Sorry, I did not make any guesses concerning the retargeting rate.
I do not know from where you took these ten minutes...

> From owner-starship-design@lists.uoregon.edu Sun Mar 18 20:34:26 2001
> From: KellySt@aol.com
> In a message dated 3/18/01 8:52:13 AM, lparker@cacaphony.net writes:
> >"Moved visibly" is not the same thing as haven't moved. All stars are in
> >motion, they follow their own orbits about the center of the galaxy 
> >as I am sure you know. Our sun is in one such orbit, any target star 
> >is going to be in another orbit traveling at a different velocity.
> >
> >We cannot simply aim the beam at the star, the star will not be there when
> >the beam arrives. We must aim the beam at where the star will be when the
> >beam gets there. This is a non-trivial task considering that all distances
> >to stars are currently _estimated_.
> I can't see how this wouldn't be a trivial problem? Your not talking 
> a high lateral movement, or any delta-V of the two stars.   
> On the scale of the galaxy the two stars are right on top 
> of one another.  (A couple light years 
> out of a 30-40 THOUSAND light year orbital radius.)
For a starship what is important is not the _relative_ change 
of the star position with respect to its distance from the center 
of the Galaxy, but _absolute_ change of its position
(in light years, say). If the star moves a light year with respect 
to the aim of the starship, the starship must simply travel 
this additional light year (laterally, say) in order to catch it,
no matter how far (or near) the center of the Galaxy is.

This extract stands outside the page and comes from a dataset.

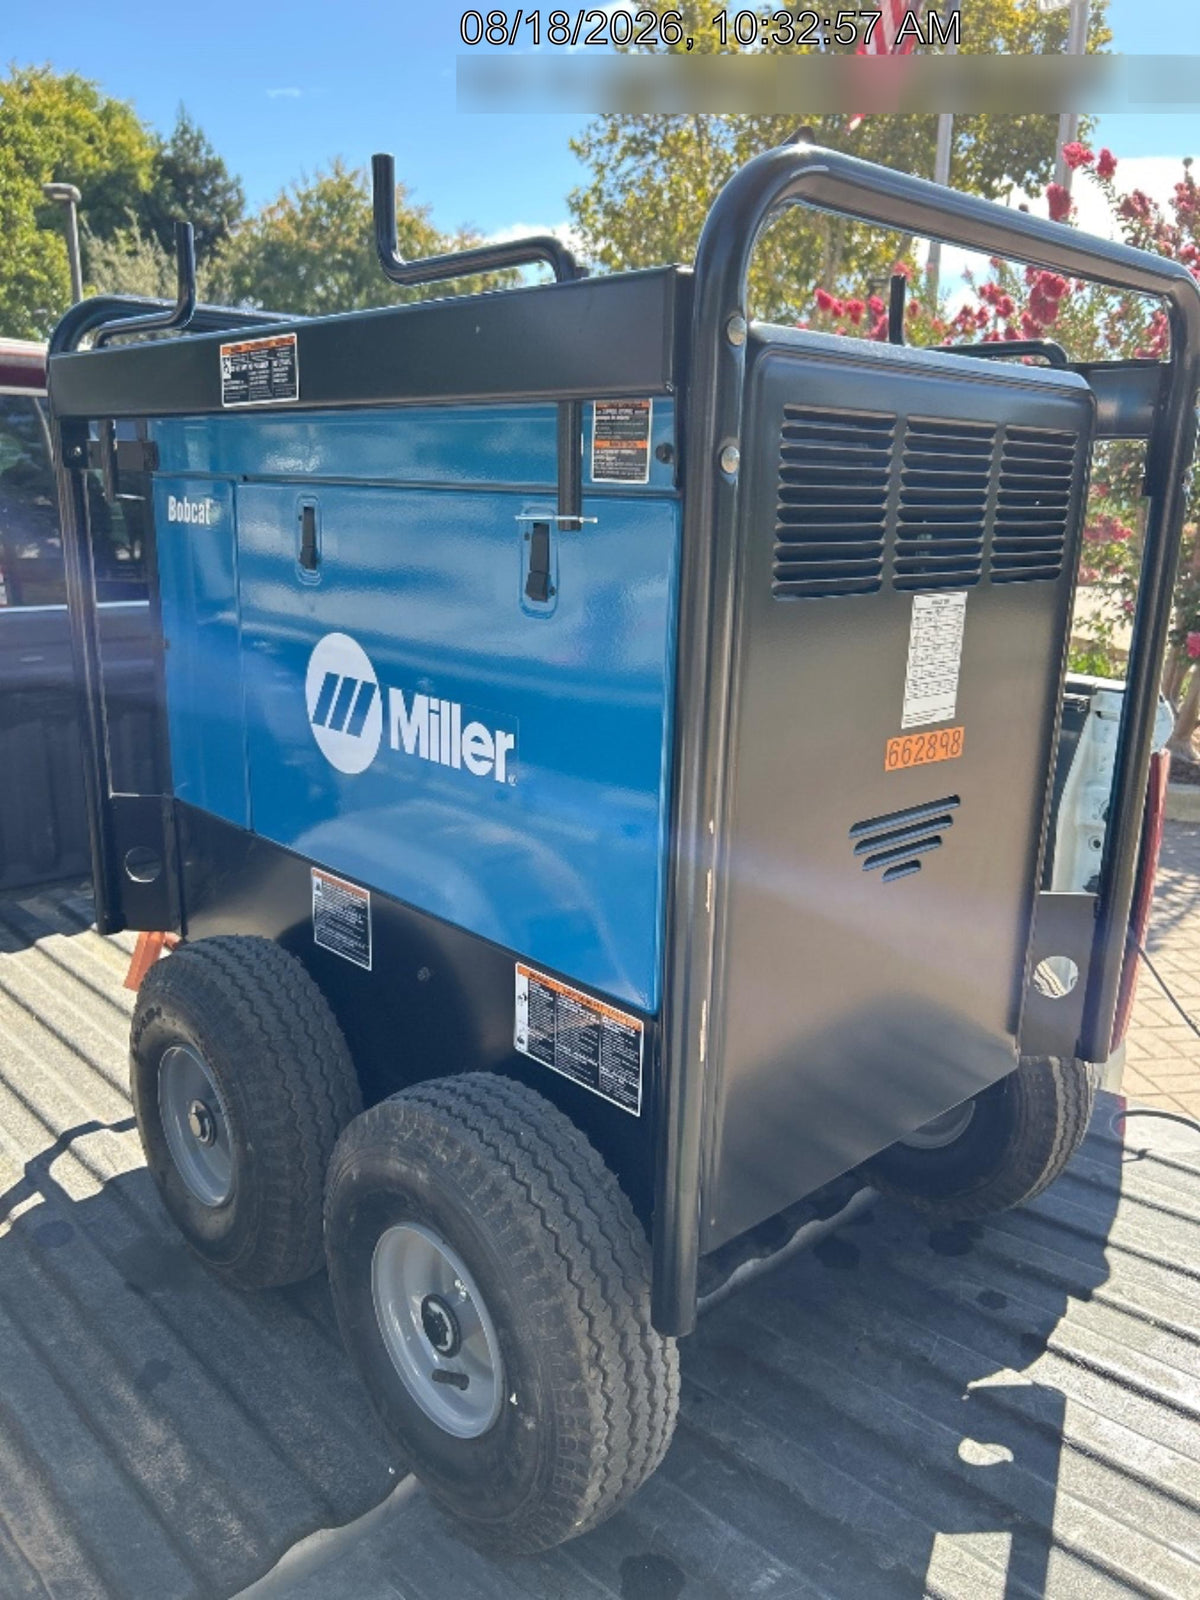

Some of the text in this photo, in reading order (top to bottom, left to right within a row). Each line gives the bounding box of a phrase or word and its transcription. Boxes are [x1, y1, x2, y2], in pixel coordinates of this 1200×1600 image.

[168, 495, 211, 525] Bobcat
[388, 687, 514, 784] Miller
[888, 729, 962, 768] 662898

> Tacking, or otherwise manuvering into the  path of the beam 
> is nessisary.  If you fly out of the beam you'll need 
> secoundary motors to manuver back into the beam.  
> You'll need manuvering  engines anyway for in systems work.
Notice however, that the lateral movement of the beam due to
any jitter od the beaming antenna will be rather rapid - in fact,
it may easily exceed the speed of light!
E.g, for a 100 km antenna, its tilt with the speed of 1 mm per second
causes the beam at 1 ly to move laterally with the speed
of 100 000 km/s, i.e., 0.33 c...

Also, helical tacking to follow the orbital path (around the Sun, say)
of the beaming antenna will use lots of additional fuel, 
since it must provide constant acceleration to curve
the path appropriately.

-- Zenon Kulpa